How Not To Start A Business: Regular readers know that I'm a fan of small business and would probably enjoy traveling back in time and having a cocktail with George F. Babbitt at a plush hotel bar in downtown Zenith whilst discussing Boosterism. As someone who has owned and successfully operated a few small businesses, I always want new ones to succeed. I'm a fan. Sometimes though, you can't save them from themselves.
Recently, I read an article about a new business in my area - a model train hobby shop, no less - which is less than five miles from my house. It has been open for three months. I drive past its location almost every day yet I had no idea it even existed. I'm a model train enthusiast and try to keep current on the hobby. But I had heard nary a peep about this new store.

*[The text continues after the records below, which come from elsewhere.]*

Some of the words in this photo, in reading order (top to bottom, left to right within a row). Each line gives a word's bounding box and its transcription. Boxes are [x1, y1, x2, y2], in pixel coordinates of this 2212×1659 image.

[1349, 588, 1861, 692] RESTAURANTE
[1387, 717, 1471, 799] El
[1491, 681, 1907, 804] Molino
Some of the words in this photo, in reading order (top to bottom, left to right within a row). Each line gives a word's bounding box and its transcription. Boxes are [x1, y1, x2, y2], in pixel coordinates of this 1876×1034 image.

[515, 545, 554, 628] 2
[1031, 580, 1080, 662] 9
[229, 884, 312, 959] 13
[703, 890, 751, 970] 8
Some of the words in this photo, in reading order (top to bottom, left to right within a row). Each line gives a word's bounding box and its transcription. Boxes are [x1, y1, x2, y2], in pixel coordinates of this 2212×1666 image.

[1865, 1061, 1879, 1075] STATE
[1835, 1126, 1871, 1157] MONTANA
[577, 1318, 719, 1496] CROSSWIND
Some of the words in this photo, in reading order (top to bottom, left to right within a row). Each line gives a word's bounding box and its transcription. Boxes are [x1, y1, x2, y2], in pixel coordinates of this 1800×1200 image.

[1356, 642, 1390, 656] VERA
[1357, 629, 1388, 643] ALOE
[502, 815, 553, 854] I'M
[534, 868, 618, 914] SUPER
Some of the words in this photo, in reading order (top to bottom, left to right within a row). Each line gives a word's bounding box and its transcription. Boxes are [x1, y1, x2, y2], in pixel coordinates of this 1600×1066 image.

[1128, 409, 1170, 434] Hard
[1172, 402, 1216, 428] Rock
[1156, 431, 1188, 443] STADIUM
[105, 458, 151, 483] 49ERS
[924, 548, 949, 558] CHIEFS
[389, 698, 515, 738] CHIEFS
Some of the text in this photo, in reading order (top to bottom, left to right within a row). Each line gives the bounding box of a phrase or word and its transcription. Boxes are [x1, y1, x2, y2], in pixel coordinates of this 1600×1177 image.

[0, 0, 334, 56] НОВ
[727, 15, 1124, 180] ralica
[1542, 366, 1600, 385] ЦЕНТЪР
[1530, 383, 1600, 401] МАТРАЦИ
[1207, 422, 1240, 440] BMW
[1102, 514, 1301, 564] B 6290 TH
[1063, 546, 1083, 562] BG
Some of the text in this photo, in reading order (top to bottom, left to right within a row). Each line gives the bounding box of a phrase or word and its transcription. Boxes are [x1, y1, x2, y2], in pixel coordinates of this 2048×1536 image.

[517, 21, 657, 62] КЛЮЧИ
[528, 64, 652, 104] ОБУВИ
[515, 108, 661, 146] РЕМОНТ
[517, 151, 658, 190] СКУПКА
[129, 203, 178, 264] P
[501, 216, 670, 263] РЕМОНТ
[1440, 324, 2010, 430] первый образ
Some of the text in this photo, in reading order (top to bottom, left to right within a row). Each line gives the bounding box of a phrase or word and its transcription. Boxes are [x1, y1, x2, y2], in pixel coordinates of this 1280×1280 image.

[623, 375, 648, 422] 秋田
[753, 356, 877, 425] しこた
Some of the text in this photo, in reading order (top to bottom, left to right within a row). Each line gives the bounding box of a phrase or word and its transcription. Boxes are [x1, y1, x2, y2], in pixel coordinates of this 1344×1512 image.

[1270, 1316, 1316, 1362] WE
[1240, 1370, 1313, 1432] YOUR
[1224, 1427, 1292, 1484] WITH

While I wish this new establishment the best of luck, I fear that it won't make it. This firm suffers from six major problems ... (more >>>)
On The Other Hand ... if you want to learn the right way to start a business, go here.
No Surprise Here: Mark Steyn has written, "A famously fair-minded centrist told me the other day that he'd been taken aback by some of the near parodic examples of leftie radicalism discovered in the White House in recent weeks. I don't know why he'd be surprised.
When a man has spent his entire adult life in the “community organized” precincts of Chicago, it should hardly be news that much of his Rolodex is made up of either loons or thugs. The trick is identifying who falls into which category."
Headline Of The Week ... is from The Onion: 'Majority Of Newspapers Now Purchased By Kidnappers To Prove Date'. Excerpt: "According to a report published this week in American Journalism Review, 93% of all newspaper sales can now be attributed to kidnappers seeking to prove the day's date in filmed ransom demands."
"Although the vast majority of Americans now get their news from the Internet or television, a small but loyal criminal element still purchases newspapers at a steady rate," study author and Columbia journalism professor Linus Ridell said. "These are sick, sick individuals," Ridell added. "God bless them for saving our industry." (permalink)
A Blogger's Prayer: Gerard Van der Leun has posted 27 Daily Affirmations for bloggers including: "I have accepted the fact that the only thing BlogAds, Google Adsense Ads, Federated Media Ads, and the PayPal Donation button have given me are slower loading times." And: "Joan of Arc heard voices too, but she was wise enough to have herself set on fire before she logged on."
Definition Of The Day is for 'Chickens': The only animals you eat before they are born and after they are dead.
Friday October 23, 2009
Worth Every Cent: Hemmings has posted photos of a gorgeous burgundy 1948 Chrysler Town and Country convertible for sale for $100,000. Generally, these cars are even more stunning in person than in pictures. Shipping may be a problem, though.
Automotive Depreciation: Troubled Asset Relief Program inspector Neil Barofsky has released his latest report to Congress. He said that taxpayers are unlikely to ever get their investments in GM and Chrysler back.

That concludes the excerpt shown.